Nuestra curiosidad nos inclinó a preguntar a un joven con semblante y figura de alemán, acerca de sus orígenes. Nos contó que hace ciento treinta años llegó su tatarabuelo a esos espacios paradisíacos. Sorprendente porque si hoy es una gran dificultad arribar a ese sitio, piense lo que fue por esas fechas. Pero estos abuelos encontraron un pedacito de cielo aquí en la tierra. Agua suficiente, fertilidad y silencio para descansar y conversar.

Gozamos de la comida y la hospitalidad. Sentimos el sol en nuestra cara y tocamos el agua de la laguna para penetrar en esa espiritualidad que se siente al ser cobijados por un anillo de vegetación. Toda esa felicidad que sentimos al encontrarnos con una belleza inigualable, se vio golpeada al ver un motor que extraía agua para servirla a alguno de los poblados cercanos al volcán.
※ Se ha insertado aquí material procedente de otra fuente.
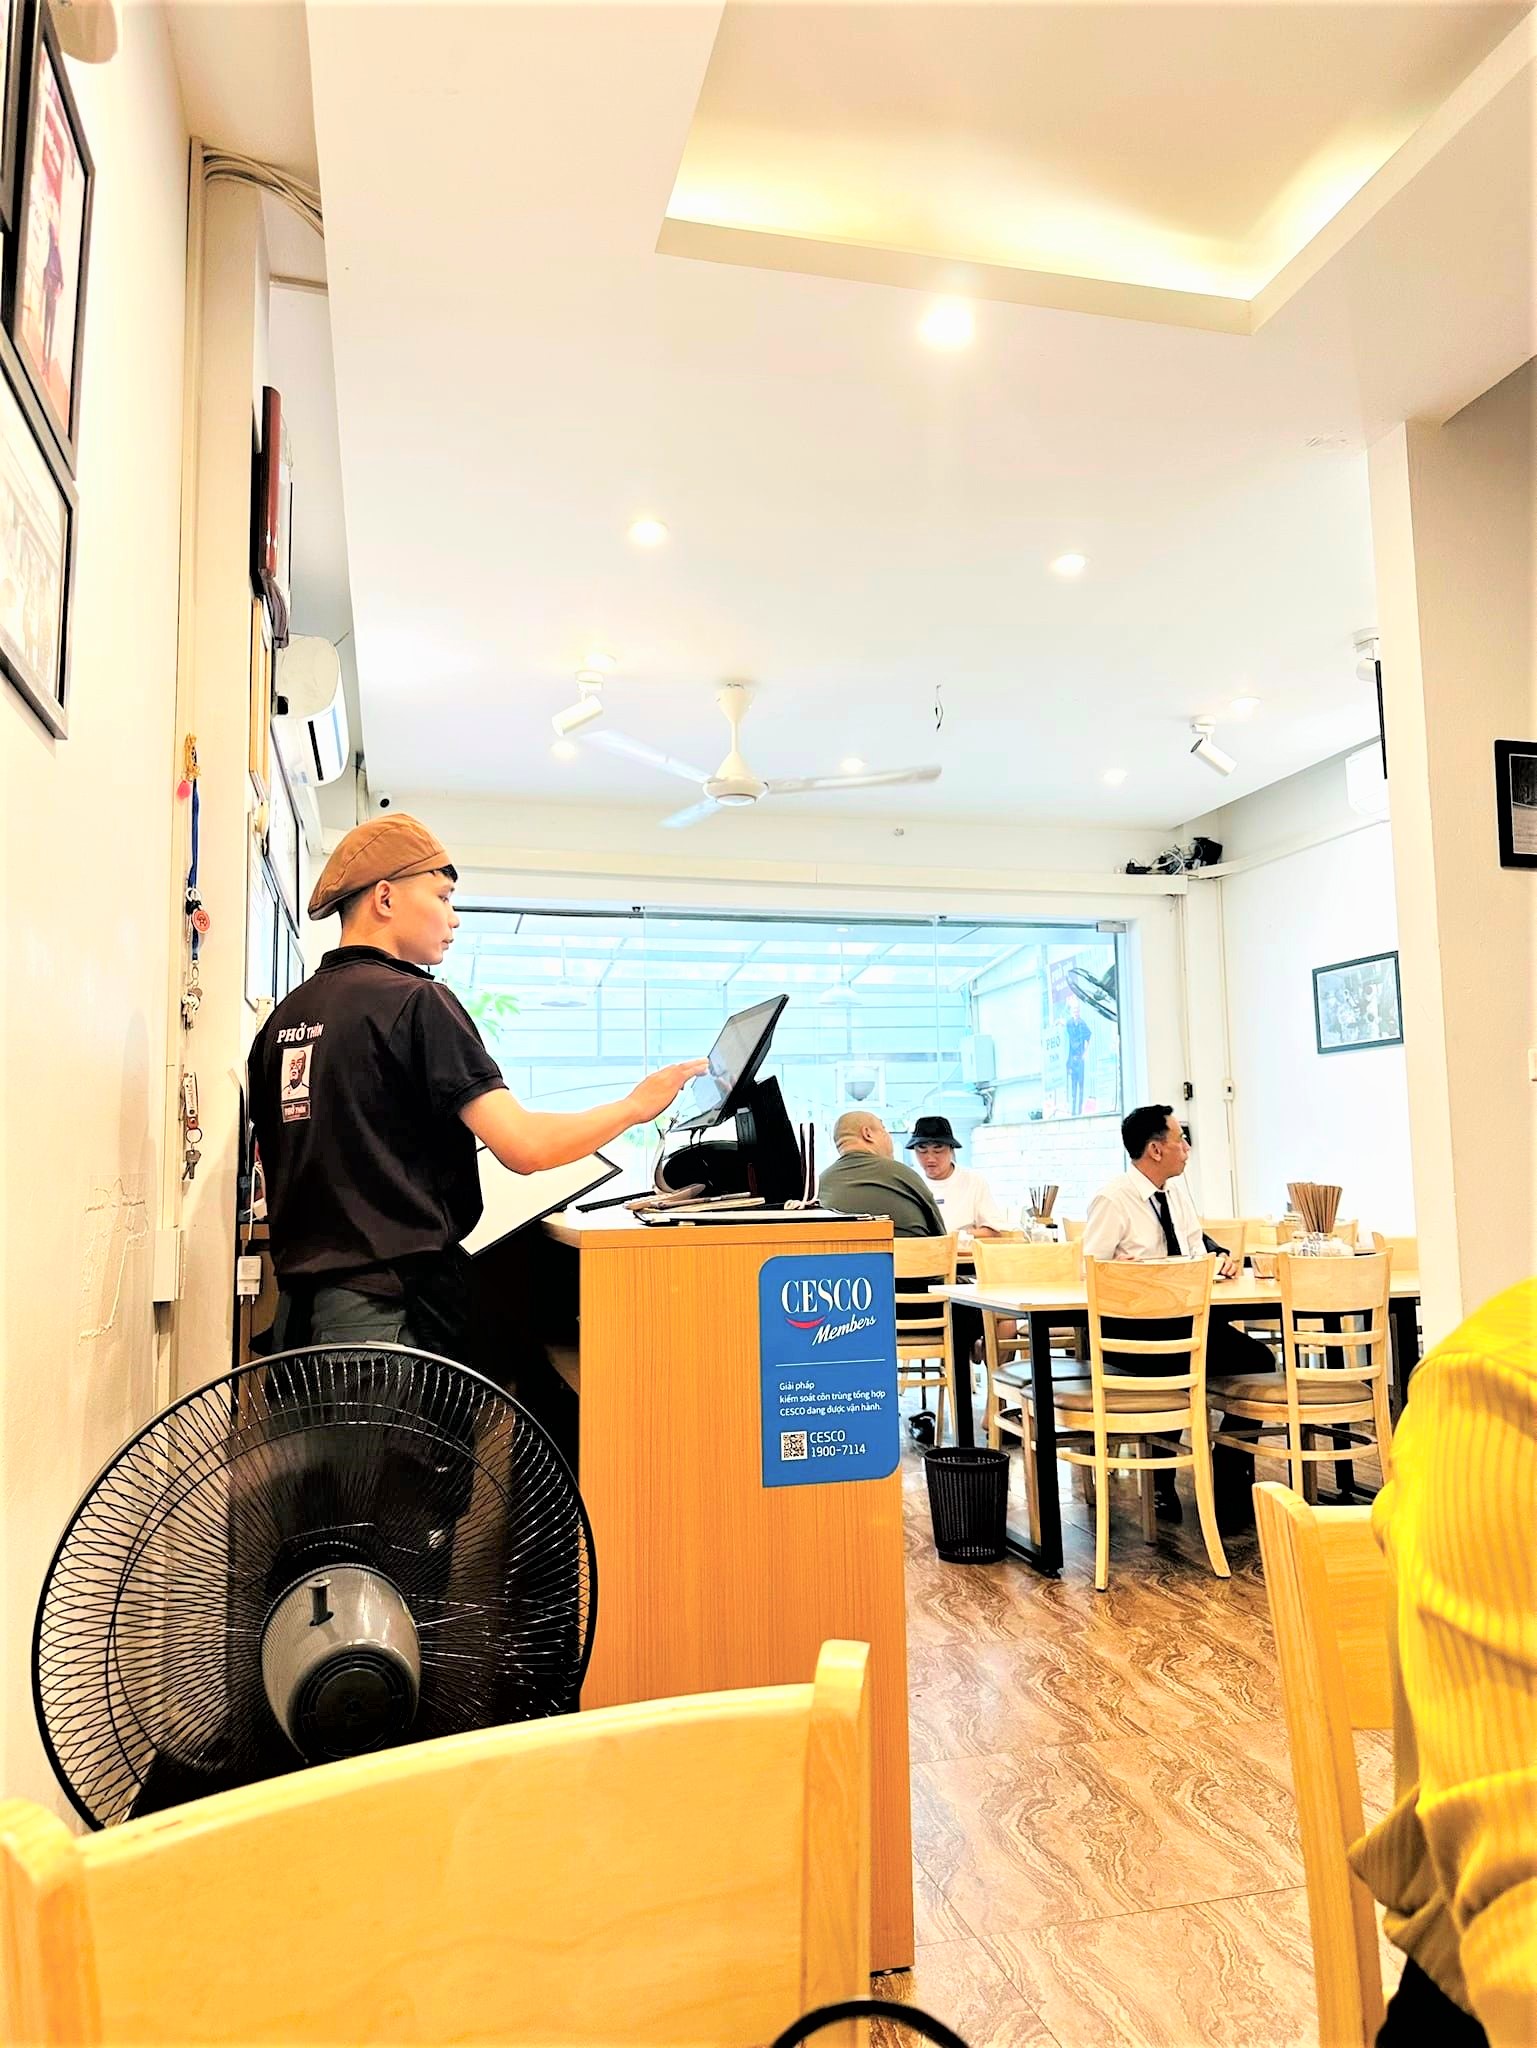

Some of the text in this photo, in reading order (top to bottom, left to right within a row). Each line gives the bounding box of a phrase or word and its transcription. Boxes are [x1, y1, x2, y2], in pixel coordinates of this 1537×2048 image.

[276, 1022, 306, 1043] PHỞ
[781, 1277, 872, 1313] CESCO
[811, 1313, 877, 1346] Members
[779, 1380, 815, 1391] Giải pháp
[799, 1393, 816, 1402] soát
[831, 1391, 852, 1401] trùng
[871, 1389, 886, 1399] hợp
[779, 1406, 806, 1416] CESCO
[809, 1429, 846, 1444] CESCO
[811, 1443, 866, 1458] 1900-7114
Cada vez que se encendía el motor para succionar ese líquido sagrado, fue como un apretón que hundía nuestro corazón de un dolor difícil de explicar. La laguna se puede secar, si continúa esa situación nos dijo una persona del lugar. No hay duda, dijimos, que las personas somos malas. Destructores de la belleza y de nuestro entorno natural. Algo que Dios nos puso en nuestra palma de la mano, lo apretujamos hasta hacerlo añicos y destruirlo.

Esta hermosa experiencia de vivir y sentir el frescor de la vida, me sensibilizó un poco más y me hace feliz, pero también me da pena que en esos lugares hay vacío de Estado. Sólo cuatro guardabosques con poca autoridad. Dichosamente sus pobladores saben de la riqueza que tienen a su lado y la cuidan como lo más preciado. Claro que uno siente la tristeza, igual que los pobladores de la laguna, al sentirse imposibilitado de no parar la máquina que día con día va secando esta fuente de agua cristalina.

Así mismo entendemos que este paraíso está necesitado de un apoyo para crear mejores condiciones para un turismo ecológico. Lograr que los campesinos siembren hortalizas. Promover la producción de gallinas y huevos. Hacer quesos variados y todos los derivados lácteos. Mejorar el camino hacia el volcán respetando la naturaleza.

En fin, la laguna de Ipala es un reto para la promoción del turismo ecológico que no se debe dejar en el olvido. Un lugar tan lindo y lleno de espiritualidad, que debe seguir siendo para sus pobladores un lugar de bienestar y para los turistas, sentir que se vive, aunque sea por un instante, en un pedacito de cielo en la tierra chiquimulteca.